February 20th, 2010 Leave a comment Go to comments
This article I wrote for the men who want to know what women want. If you are a woman, read it too! To love your life and your relationships to understand, you not only understand your lover, but you must also understand yourself.
Five Things Women Want in a Relationship photoThe psychoanalyst Sigmund Freud once asked: “What women really want?” And as famous as he was, he has never been able to answer this question.
Yet what women want in a relationship really not a mystery.
There are five things that women want a man in a relationship

1. Reliability.
This is due to the time when we were cave dwellers. When women had the task to keep the fire was burning and rearing children while their partner went hunting for food protection. To be safe and protect her children she wanted the father of her children at night come home and it was nerve racking as he did not.

Today men use a GSM computer keyboard and to get food on the table instead of rocks and spears, but for women the same emotional terms. They want to make sure you’re there when you need it. It hits its most fundamental sense of security and if they can not trust you, she is scared.

2. Friendliness.
Forget the tough guys act. Women want men who are thoughtful, considerate and above all friendly. They want someone who is an arm around them when they cry, she brings a cup of soup when they are sick, that their dogs and Lego play with their children.

They want you to listen so they got a crash so without her names because you damage the car. Women spend much of their time to care for others and if they have a relationship like they care a little back.

Most women say that the cheating was not the sex which they did but the attention and understanding that they got from the men she had an affair along drove them to. If they had received attention at home, they had not had that urge to go weird.

3. Equivalence.
Women want a partner in a relationship, not a mother or a big kid. In surveys about relationships predominantly women said they want a partner who stands beside them, their best friend, who really listens to what they say, happy with their care about their successes and failures.

They want a man who recognizes and appreciates what it introduces into the relationship and not belittles them in half-rate role to keep. They want someone on their side that it encourages to develop and realize their dreams, not afraid that a man makes them less successful woman.

4. Helpfulness.
When women are asked what they prefer to hear of their friend or partner is the answer: “Can I help you?” Offer to do household work that is not your job was like the dishes or make you in the eyes of a woman a hero.
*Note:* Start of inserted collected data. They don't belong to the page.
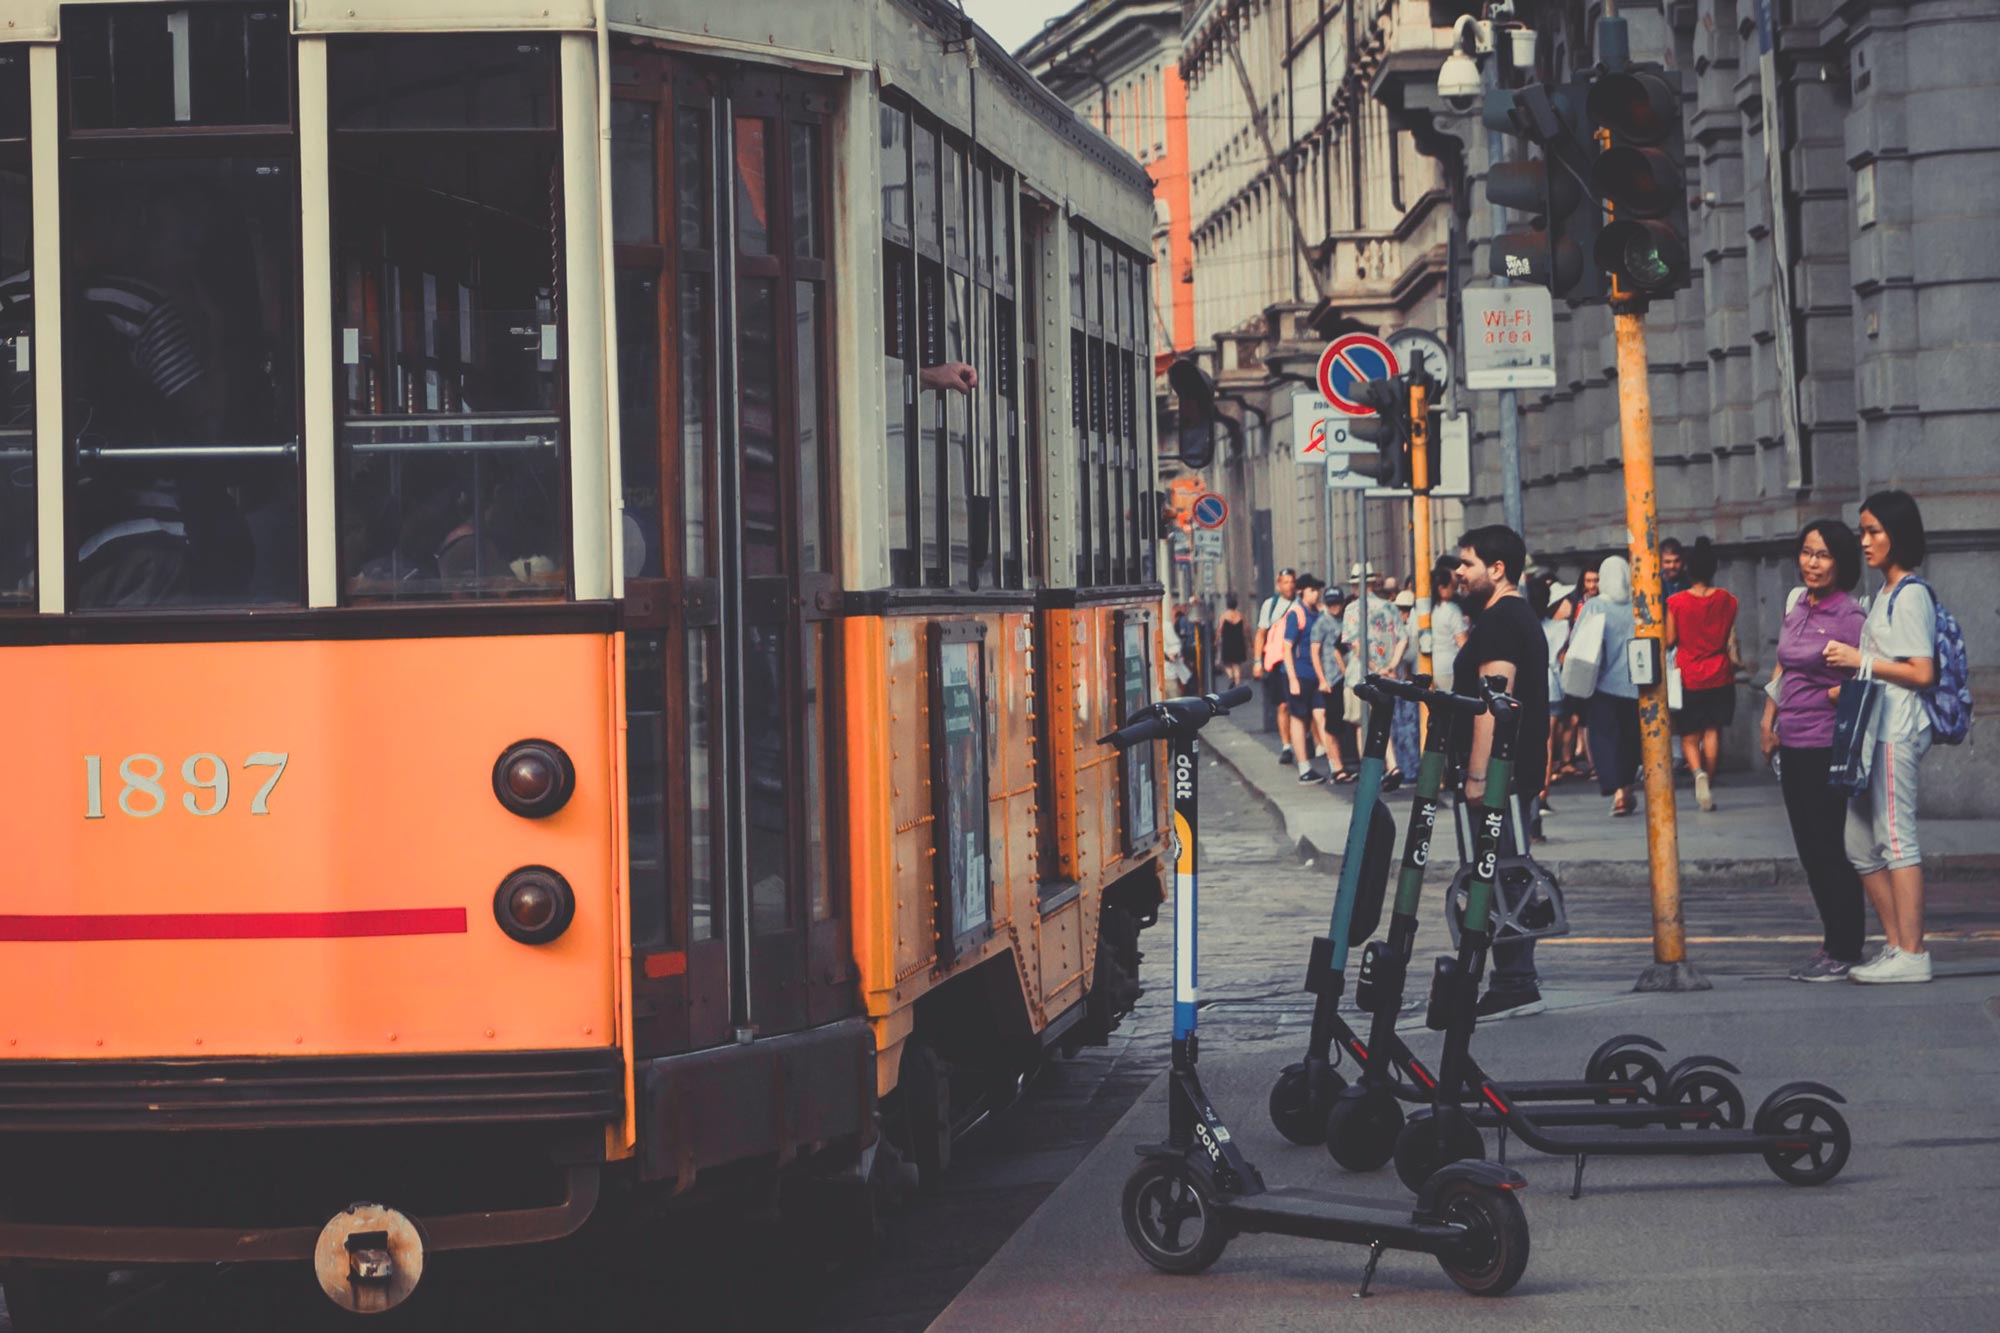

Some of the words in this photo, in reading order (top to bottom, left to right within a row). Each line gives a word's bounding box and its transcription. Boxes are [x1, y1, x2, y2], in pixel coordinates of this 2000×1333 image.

[167, 9, 191, 121] 1
[1482, 309, 1531, 327] Wi-Fi
[1485, 330, 1532, 344] area
[84, 751, 289, 819] 1897
[1176, 754, 1192, 799] dott
[1196, 1123, 1220, 1162] dott
Researchers have discovered that women are far better than men who are able to do multiple tasks simultaneously, making this ability also ensures that they are often more commitments than they can handle.
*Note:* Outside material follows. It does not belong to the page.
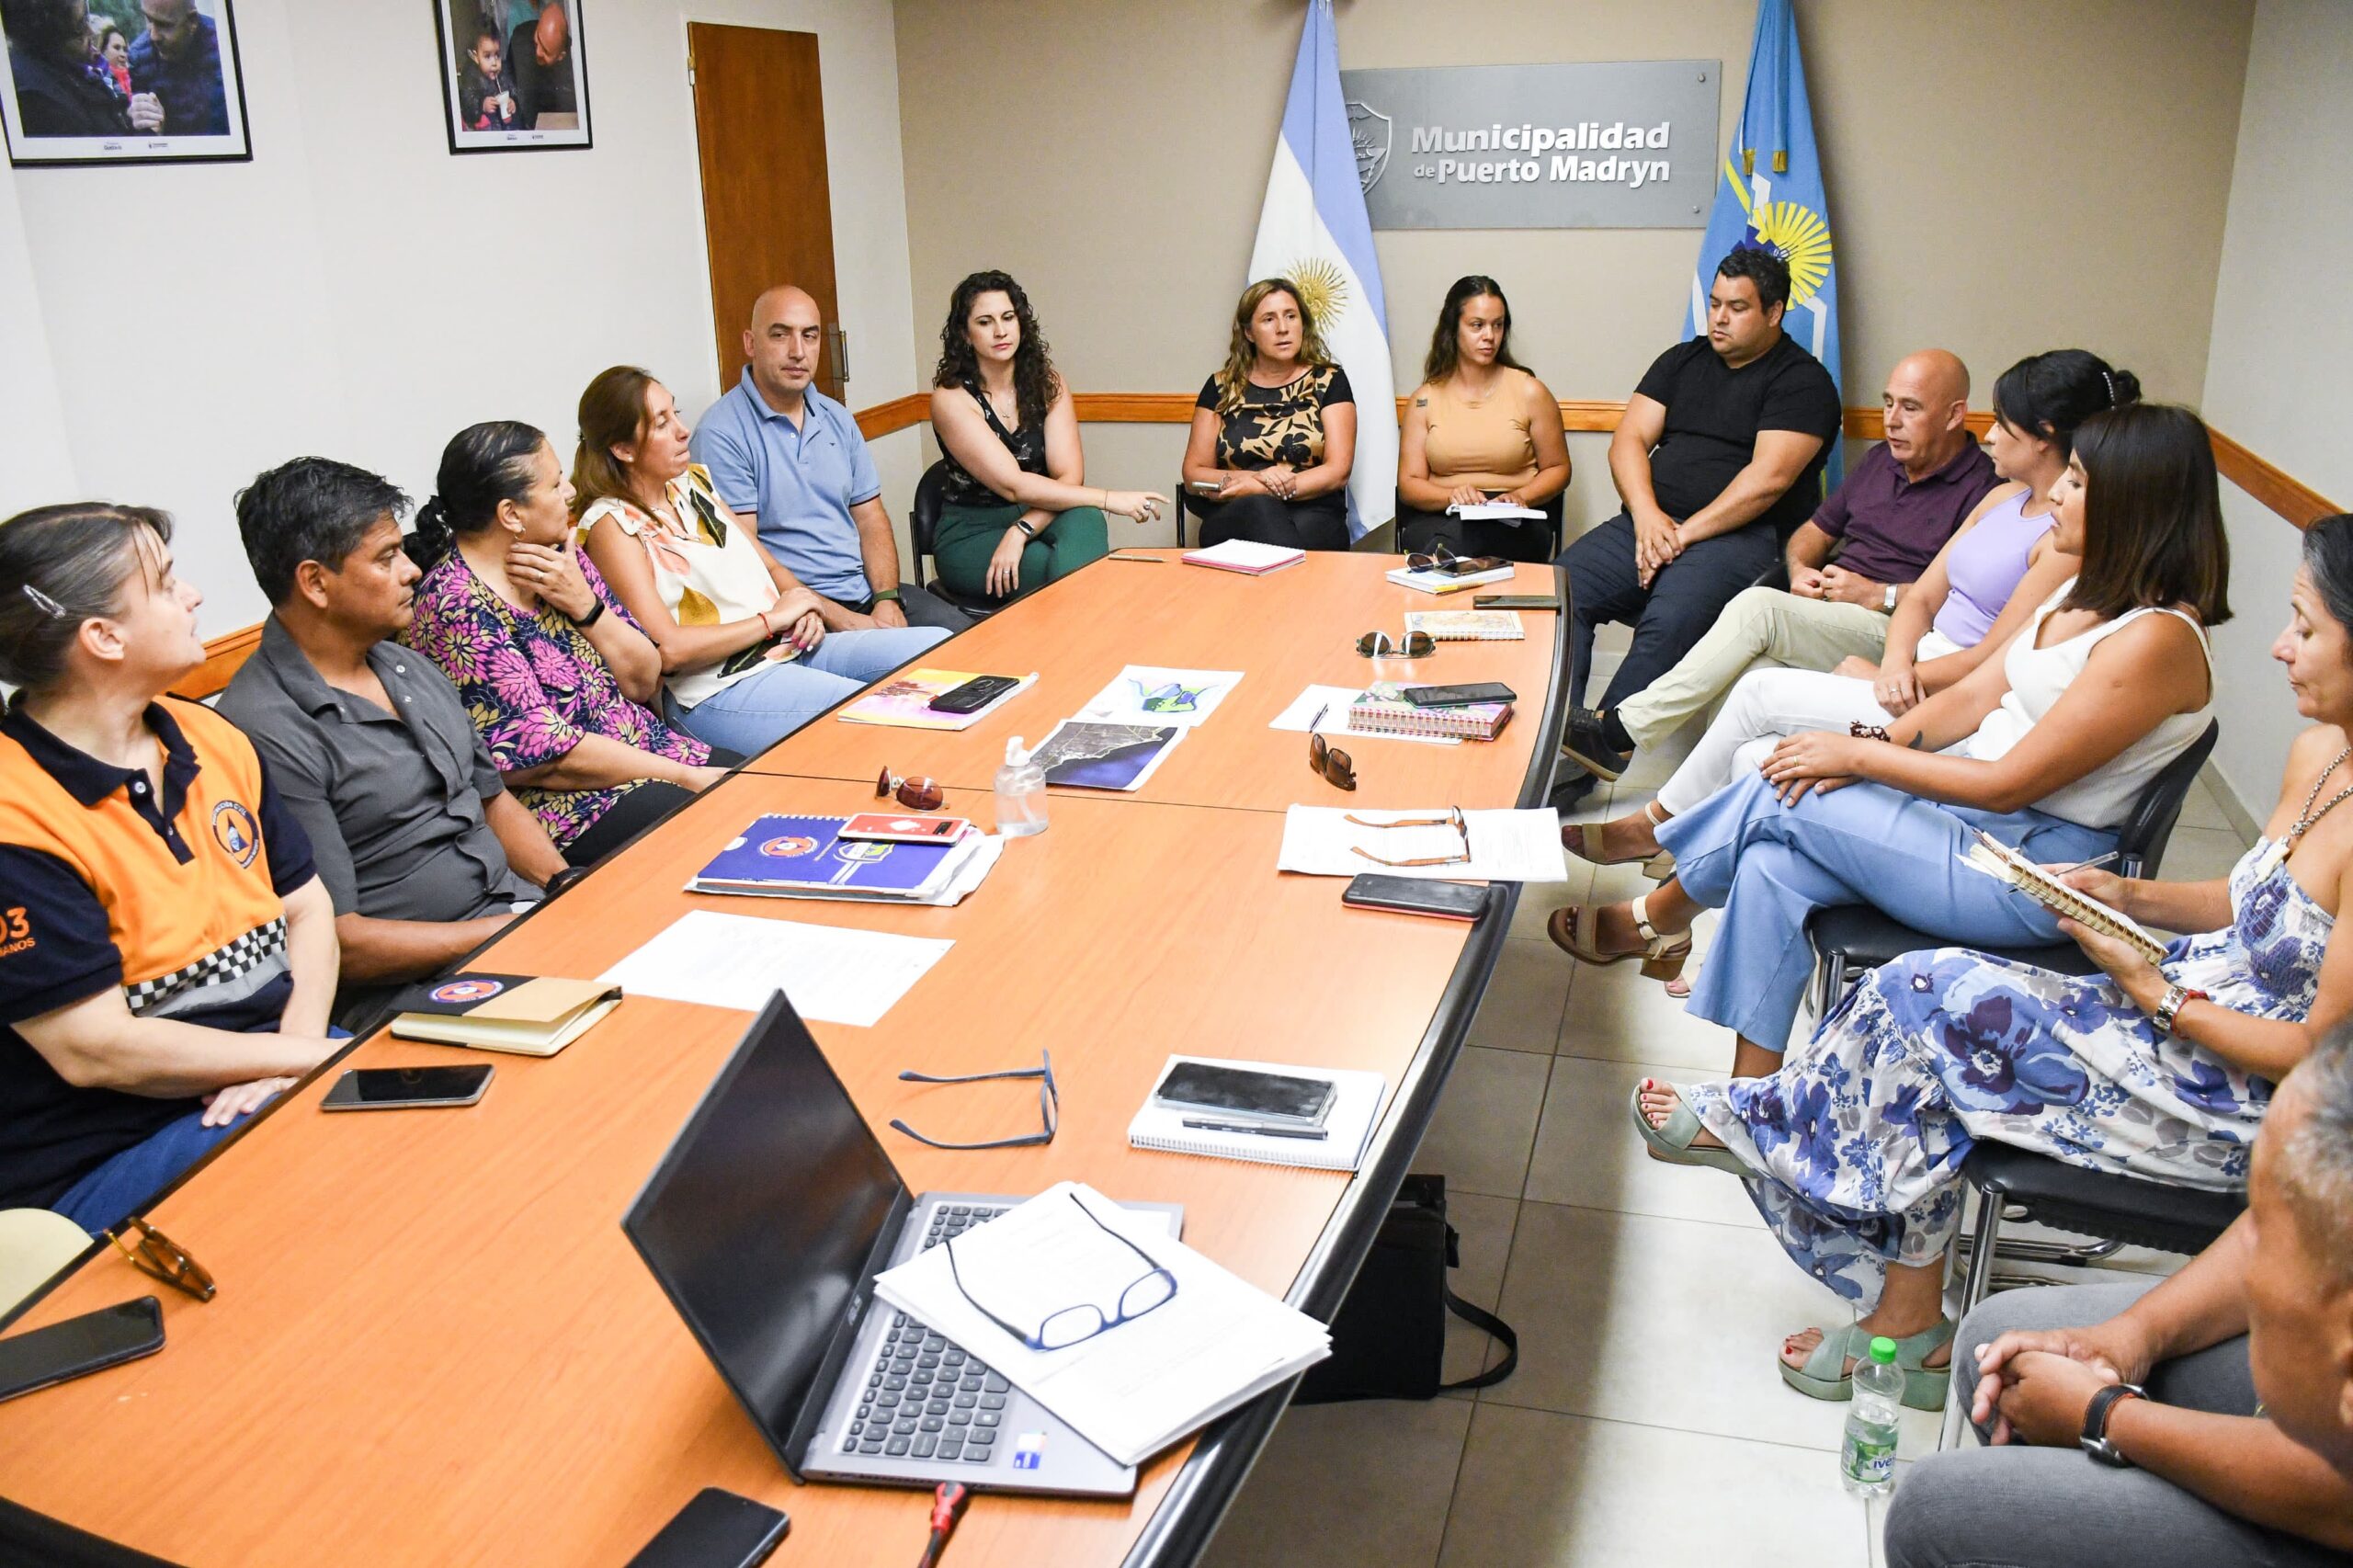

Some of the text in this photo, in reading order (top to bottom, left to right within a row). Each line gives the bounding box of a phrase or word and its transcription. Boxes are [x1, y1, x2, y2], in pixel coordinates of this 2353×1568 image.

[1411, 121, 1671, 157] Municipalidad
[1414, 155, 1671, 188] de Puerto Madryn
Even if she has no children, is the daily task of the average woman filled with many things like her work, cooking, cleaning, laundry, remember birthdays, bills, settle disputes between family members, etc. And those four little words “I can help you” Give her the feeling that you understand her.

Remember that women are taught from childhood that helpfulness is a sign of caring and offering her help, you offer her emotional support.

5. Respect.
Romance is wonderful but in a stable relationship a woman wants your respect. She probably has a job, like you, you and lives in a world where they still, how smart she is, judged on the size of her waist and the shoes they wear.

Women careers for harmony in the relationship and, studies show that even most of the housework, even if they full time works.

And yet they met almost daily at least one man who belittles her mindless with comments like: “You look much prettier when you smile” or her “sweetie” or call her if it has no brain in her head.

Women want respect for the enormous amount of work they do and the amount of emotional support they give to the people around them…. If you women in your life really is and love her, it is difficult not to respect her. Treat her as special, unique and beautiful person you know who she is, and your relationship will flourish.